● Data records
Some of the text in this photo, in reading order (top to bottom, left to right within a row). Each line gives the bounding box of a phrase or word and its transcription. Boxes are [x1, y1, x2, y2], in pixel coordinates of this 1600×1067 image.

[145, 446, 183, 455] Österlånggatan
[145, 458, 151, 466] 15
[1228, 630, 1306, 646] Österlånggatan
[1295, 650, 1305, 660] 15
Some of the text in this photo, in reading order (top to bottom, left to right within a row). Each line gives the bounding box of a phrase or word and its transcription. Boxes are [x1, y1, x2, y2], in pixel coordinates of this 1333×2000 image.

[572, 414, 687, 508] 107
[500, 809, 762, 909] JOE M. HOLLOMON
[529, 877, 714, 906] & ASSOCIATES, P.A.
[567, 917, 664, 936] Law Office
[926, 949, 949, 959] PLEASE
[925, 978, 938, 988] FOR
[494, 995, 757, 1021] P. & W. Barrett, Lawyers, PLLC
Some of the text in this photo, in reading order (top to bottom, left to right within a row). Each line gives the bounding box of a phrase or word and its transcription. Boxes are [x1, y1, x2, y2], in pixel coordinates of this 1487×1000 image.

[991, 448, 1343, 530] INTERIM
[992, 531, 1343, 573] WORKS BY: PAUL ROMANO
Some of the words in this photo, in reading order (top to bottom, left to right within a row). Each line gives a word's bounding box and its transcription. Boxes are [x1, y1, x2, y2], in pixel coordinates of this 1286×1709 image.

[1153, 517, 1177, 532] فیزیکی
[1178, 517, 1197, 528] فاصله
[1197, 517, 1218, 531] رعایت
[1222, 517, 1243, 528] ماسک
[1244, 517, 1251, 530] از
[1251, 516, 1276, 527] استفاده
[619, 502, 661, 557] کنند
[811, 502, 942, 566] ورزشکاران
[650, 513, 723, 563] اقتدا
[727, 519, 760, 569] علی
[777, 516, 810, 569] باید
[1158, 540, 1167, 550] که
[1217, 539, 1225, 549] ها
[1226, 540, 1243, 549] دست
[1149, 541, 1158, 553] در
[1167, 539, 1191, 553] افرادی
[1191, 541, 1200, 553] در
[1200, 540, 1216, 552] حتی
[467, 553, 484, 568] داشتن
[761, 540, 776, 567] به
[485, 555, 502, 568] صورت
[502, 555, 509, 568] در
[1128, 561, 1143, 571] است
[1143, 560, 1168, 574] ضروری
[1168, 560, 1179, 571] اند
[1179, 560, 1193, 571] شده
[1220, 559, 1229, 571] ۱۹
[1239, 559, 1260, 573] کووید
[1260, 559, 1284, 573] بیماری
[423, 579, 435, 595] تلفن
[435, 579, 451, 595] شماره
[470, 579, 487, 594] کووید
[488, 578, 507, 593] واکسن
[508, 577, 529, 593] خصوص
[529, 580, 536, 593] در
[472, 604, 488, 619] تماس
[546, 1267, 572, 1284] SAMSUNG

● What you should do
Copy exactly the lines from the one with "Some of the words" through the last line of the material, keeping both ends.

● Written solution
Some of the words in this photo, in reading order (top to bottom, left to right within a row). Each line gives a word's bounding box and its transcription. Boxes are [x1, y1, x2, y2], in pixel coordinates of this 1286×1709 image.

[1153, 517, 1177, 532] فیزیکی
[1178, 517, 1197, 528] فاصله
[1197, 517, 1218, 531] رعایت
[1222, 517, 1243, 528] ماسک
[1244, 517, 1251, 530] از
[1251, 516, 1276, 527] استفاده
[619, 502, 661, 557] کنند
[811, 502, 942, 566] ورزشکاران
[650, 513, 723, 563] اقتدا
[727, 519, 760, 569] علی
[777, 516, 810, 569] باید
[1158, 540, 1167, 550] که
[1217, 539, 1225, 549] ها
[1226, 540, 1243, 549] دست
[1149, 541, 1158, 553] در
[1167, 539, 1191, 553] افرادی
[1191, 541, 1200, 553] در
[1200, 540, 1216, 552] حتی
[467, 553, 484, 568] داشتن
[761, 540, 776, 567] به
[485, 555, 502, 568] صورت
[502, 555, 509, 568] در
[1128, 561, 1143, 571] است
[1143, 560, 1168, 574] ضروری
[1168, 560, 1179, 571] اند
[1179, 560, 1193, 571] شده
[1220, 559, 1229, 571] ۱۹
[1239, 559, 1260, 573] کووید
[1260, 559, 1284, 573] بیماری
[423, 579, 435, 595] تلفن
[435, 579, 451, 595] شماره
[470, 579, 487, 594] کووید
[488, 578, 507, 593] واکسن
[508, 577, 529, 593] خصوص
[529, 580, 536, 593] در
[472, 604, 488, 619] تماس
[546, 1267, 572, 1284] SAMSUNG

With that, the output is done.